GPT-4.5’s success owes much to OpenAI’s relentless refinement of large language models (LLMs). Building on GPT-4’s multimodal foundation, GPT-4.5 boasts enhanced natural language processing, likely driven by larger datasets, improved training techniques, and a knack for context retention. The persona prompt—a directive to adopt a specific tone or identity—proved pivotal, allowing it to tailor responses with human-like flair.
Sceptics however point to weighty implications and many an unanswered question.
Bovell fears “big economic and social implications”, alluding to a very real scenario of job displacement, potentially undermining human relationships and possibility of deception too.
In previous weeks, the pursuit for Agentic AI has gathered pace, with Microsoft’s new agents for workflows building on developments by the likes of (but certainly not limited to) Adobe, Zoom and Slack. The vision for these agents is to find proficiency in certain jobs or work profiles, such as customer service, healthcare management, data analysis, sales, personal assistance, content creation, research and cybersecurity monitoring.
AI models finding substantiation for their personality skills may prove complimentary.
There is of course the looming prospect of artificial general intelligence, or AGI.
“It is arguably the ease with which LLMs can be prompted to adapt their behaviour to different scenarios that makes them so flexible: and apparently so capable of passing as human,” the researchers illustrate.

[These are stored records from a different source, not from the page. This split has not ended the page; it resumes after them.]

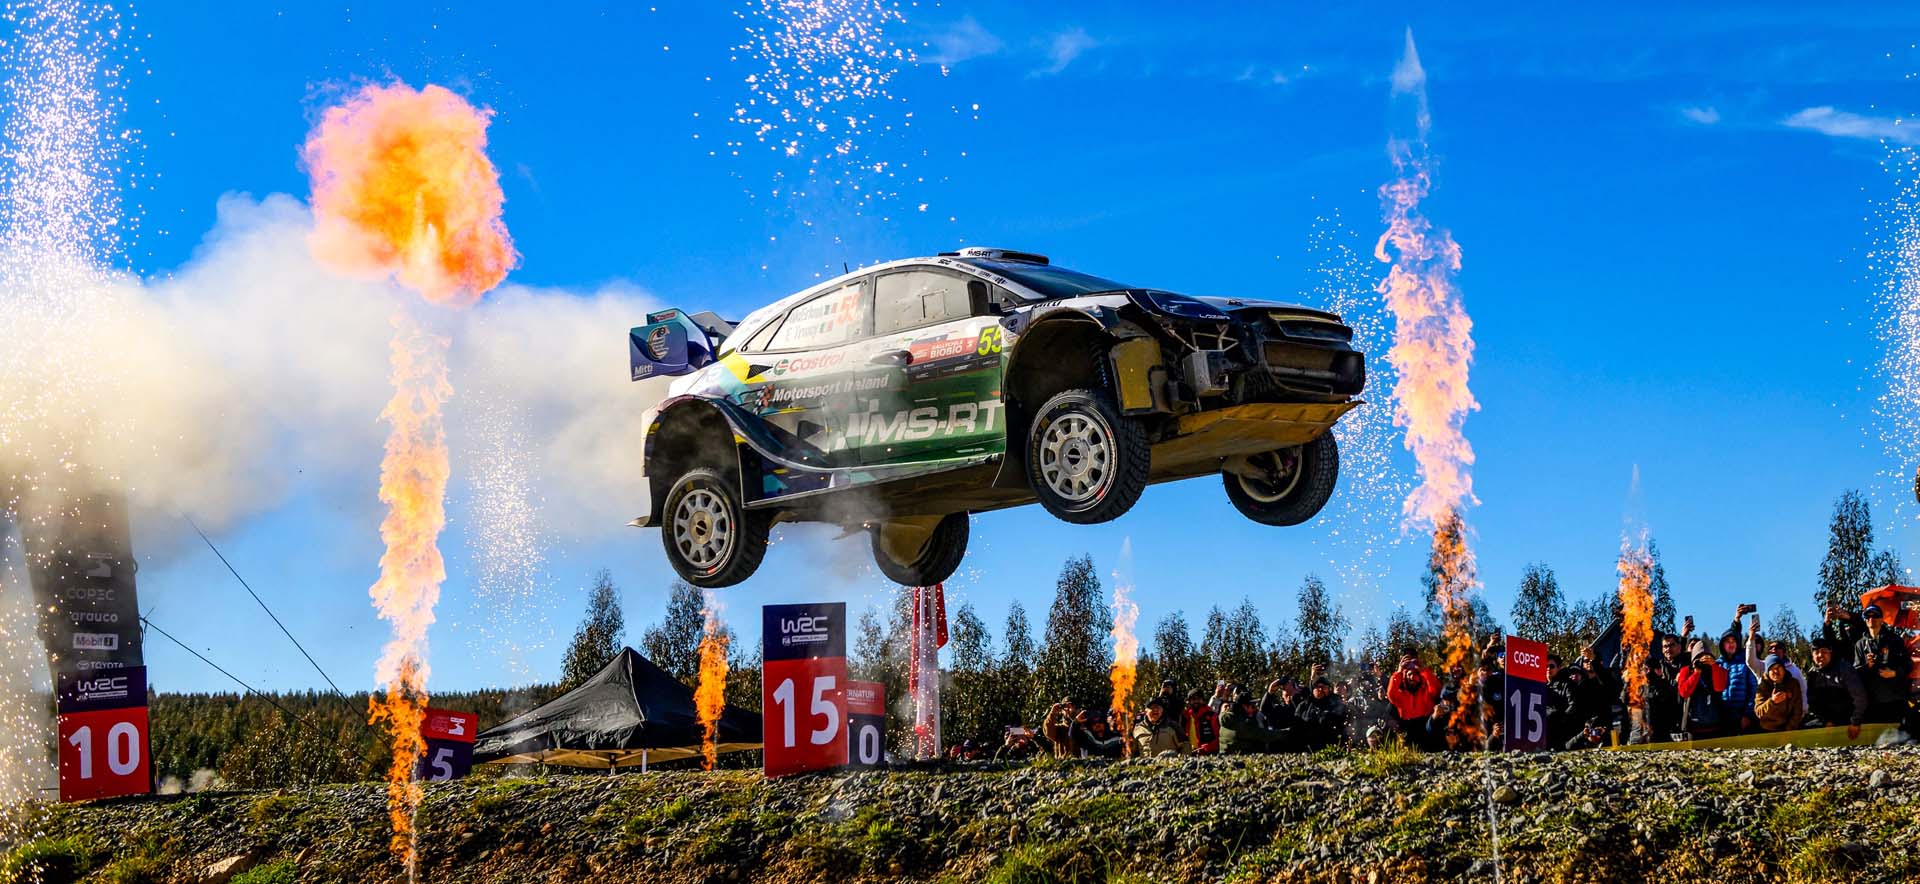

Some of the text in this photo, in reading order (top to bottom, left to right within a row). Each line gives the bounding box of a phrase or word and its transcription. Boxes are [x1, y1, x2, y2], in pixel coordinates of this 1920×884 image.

[977, 325, 1002, 356] 55
[634, 362, 653, 376] Mitti
[789, 352, 845, 373] Castrol
[773, 374, 889, 402] Motorsport Ireland
[66, 587, 115, 601] COPEC
[71, 612, 118, 623] arauco
[781, 616, 828, 634] WRC
[91, 661, 124, 670] TOYOTA
[1513, 650, 1540, 668] COPEC
[78, 676, 128, 692] WRC
[772, 675, 840, 748] 15
[1510, 688, 1543, 743] 15
[69, 721, 140, 779] 10
[431, 747, 454, 781] 5
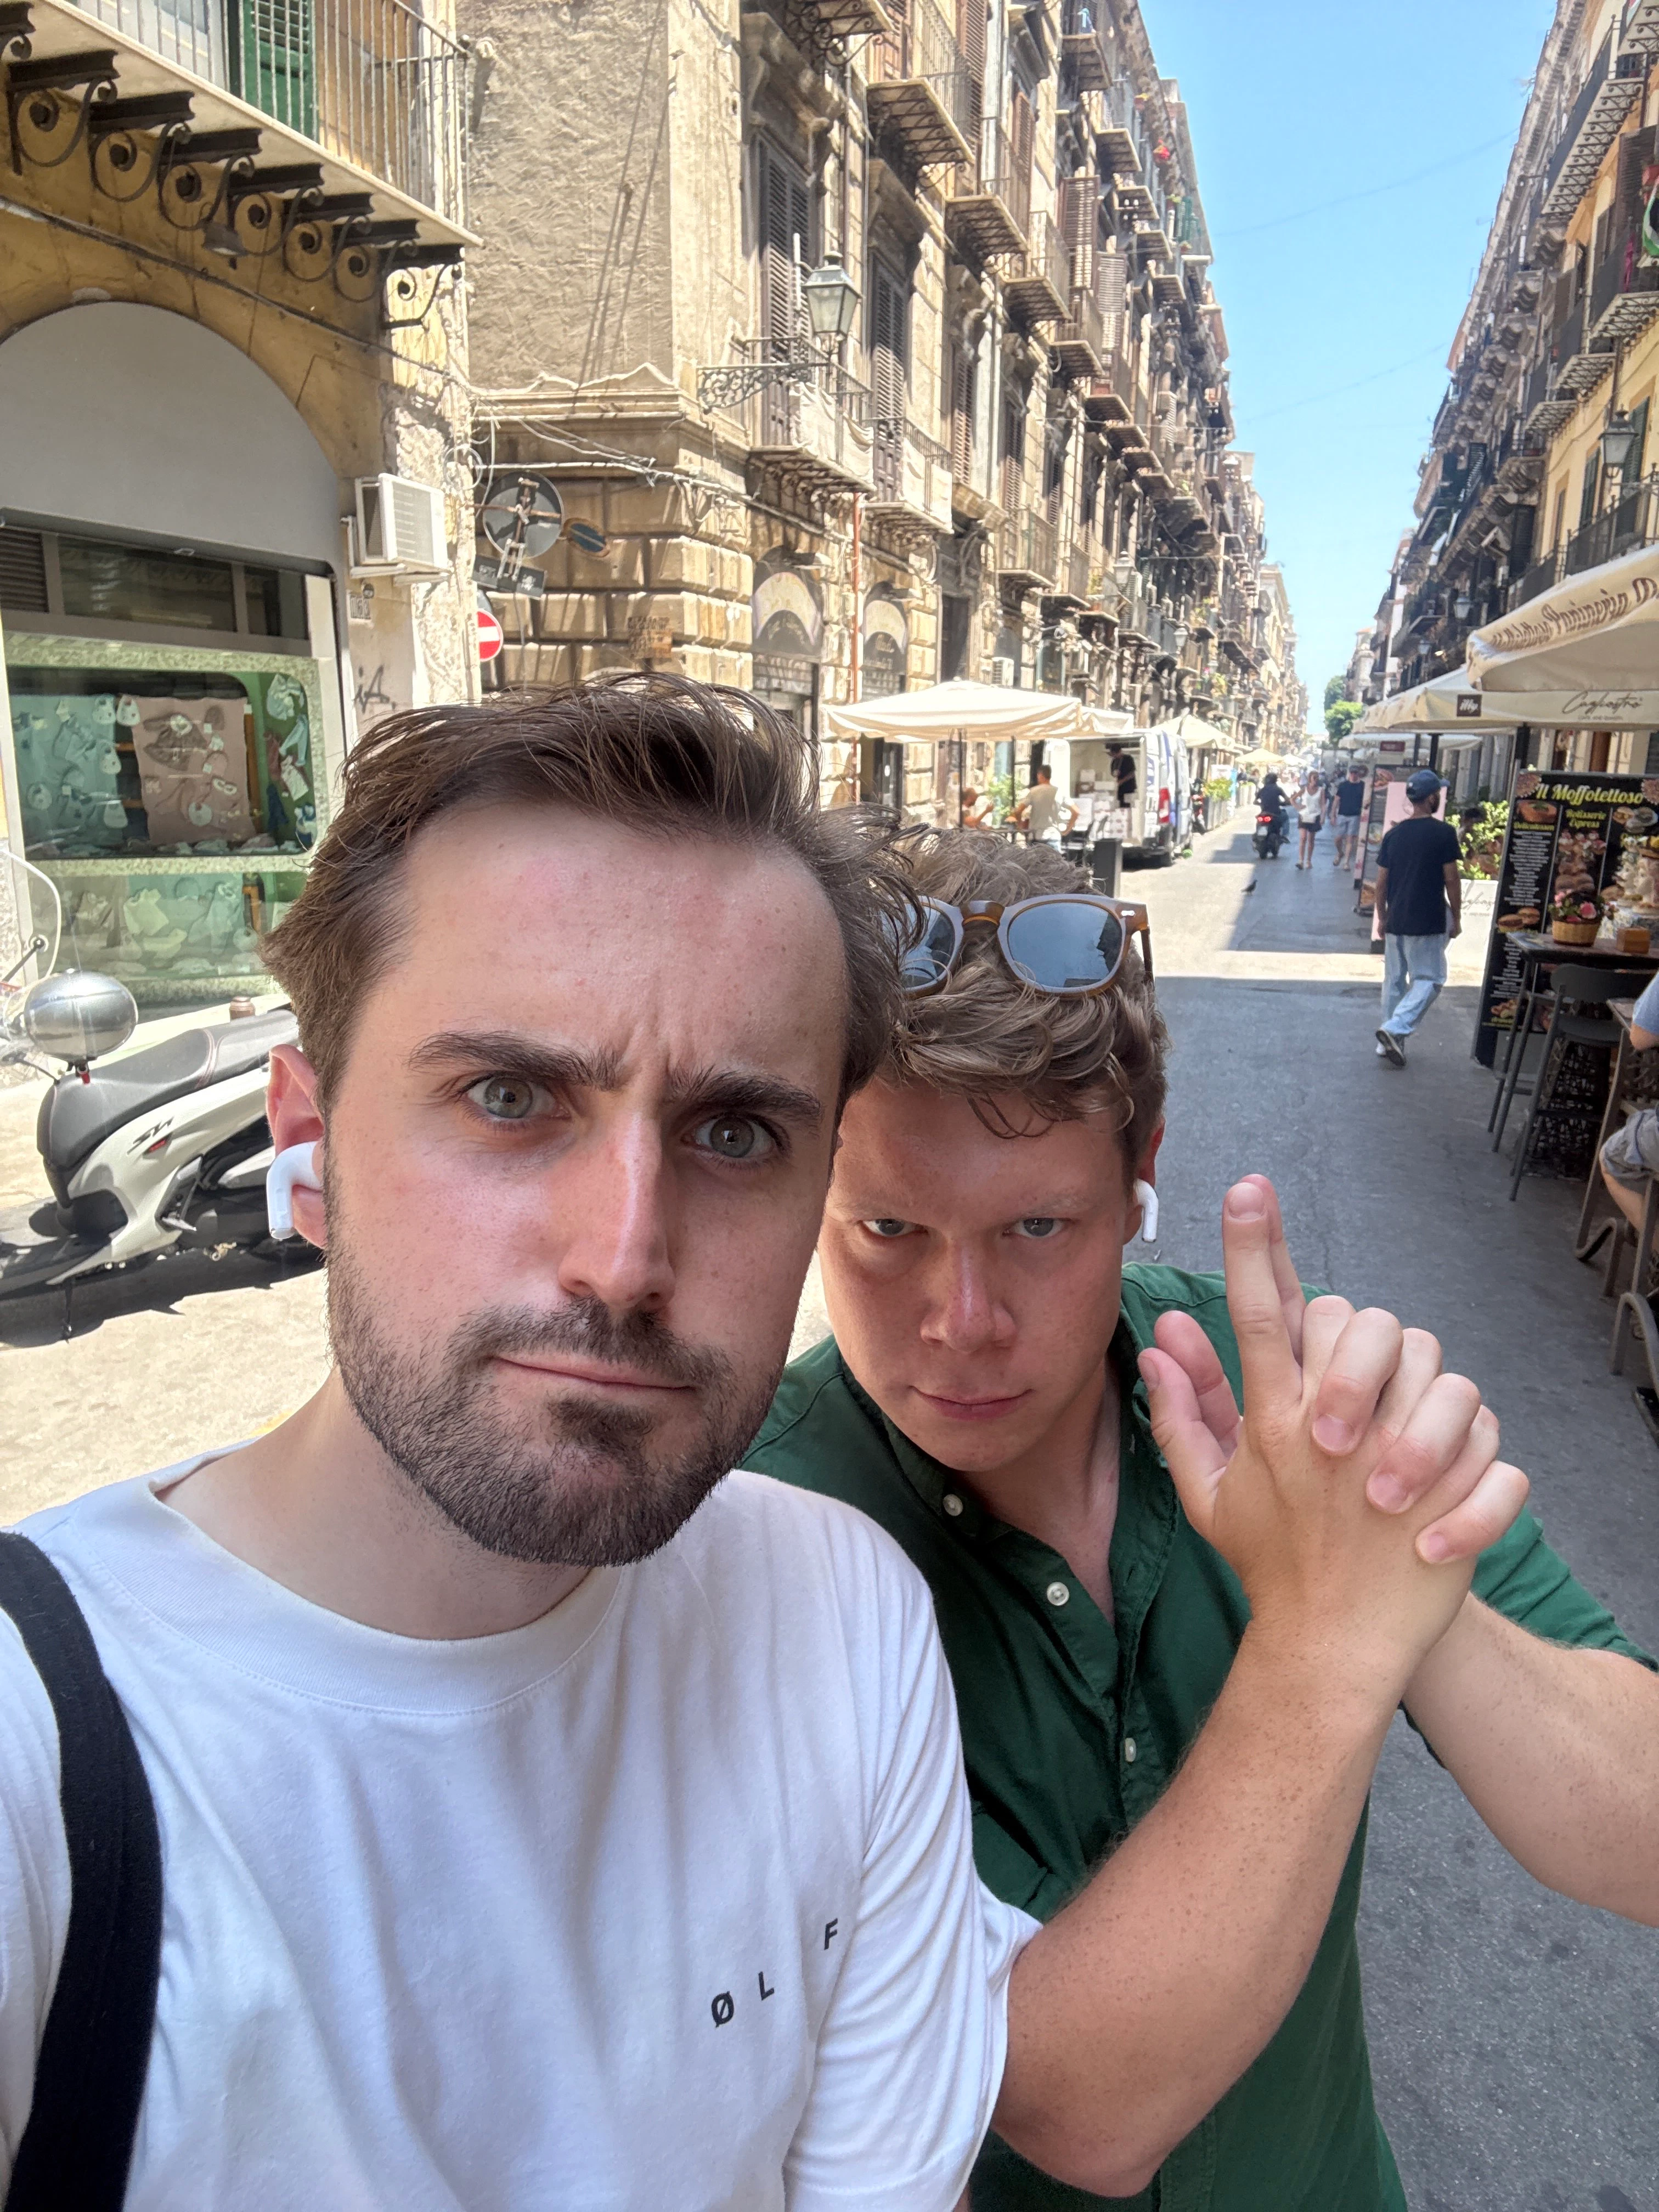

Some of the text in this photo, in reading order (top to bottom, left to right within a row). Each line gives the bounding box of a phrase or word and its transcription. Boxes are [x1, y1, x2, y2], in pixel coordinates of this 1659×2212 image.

[1536, 783, 1644, 806] Il Moffolettoso
[758, 1971, 775, 2001] L
[824, 1918, 838, 1950] F

Susan Schneider, Founding Director, Center for the Future Mind at the Florida Atlantic University (FAU), says these results are “no surprise”.
“Too bad these AI chatbots aren’t properly aligned. Yet, I predict: they will keep increasing in capacities and it will be a nightmare — emergent properties, ‘deeper fakes’, chatbot cyberwars. Hardly the Kurzweilian dream,” she writes, on social media.
AI’s future lies in practical utility—solving problems, not just being a smart conversationalist. That specifically may highlight an urgent need for new benchmarks, those testing reasoning or ethical alignment, to better gauge AI’s progress.